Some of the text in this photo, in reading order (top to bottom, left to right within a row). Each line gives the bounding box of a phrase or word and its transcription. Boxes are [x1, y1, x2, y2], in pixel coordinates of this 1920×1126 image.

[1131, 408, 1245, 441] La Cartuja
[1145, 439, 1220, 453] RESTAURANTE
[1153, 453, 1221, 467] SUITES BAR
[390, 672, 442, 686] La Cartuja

:::::

YOUR ASSIGNMENT -> Would you please return all of the data exactly?

OUTPUT OF THE EXERCISE ->
Some of the text in this photo, in reading order (top to bottom, left to right within a row). Each line gives the bounding box of a phrase or word and its transcription. Boxes are [x1, y1, x2, y2], in pixel coordinates of this 1920×1126 image.

[1131, 408, 1245, 441] La Cartuja
[1145, 439, 1220, 453] RESTAURANTE
[1153, 453, 1221, 467] SUITES BAR
[390, 672, 442, 686] La Cartuja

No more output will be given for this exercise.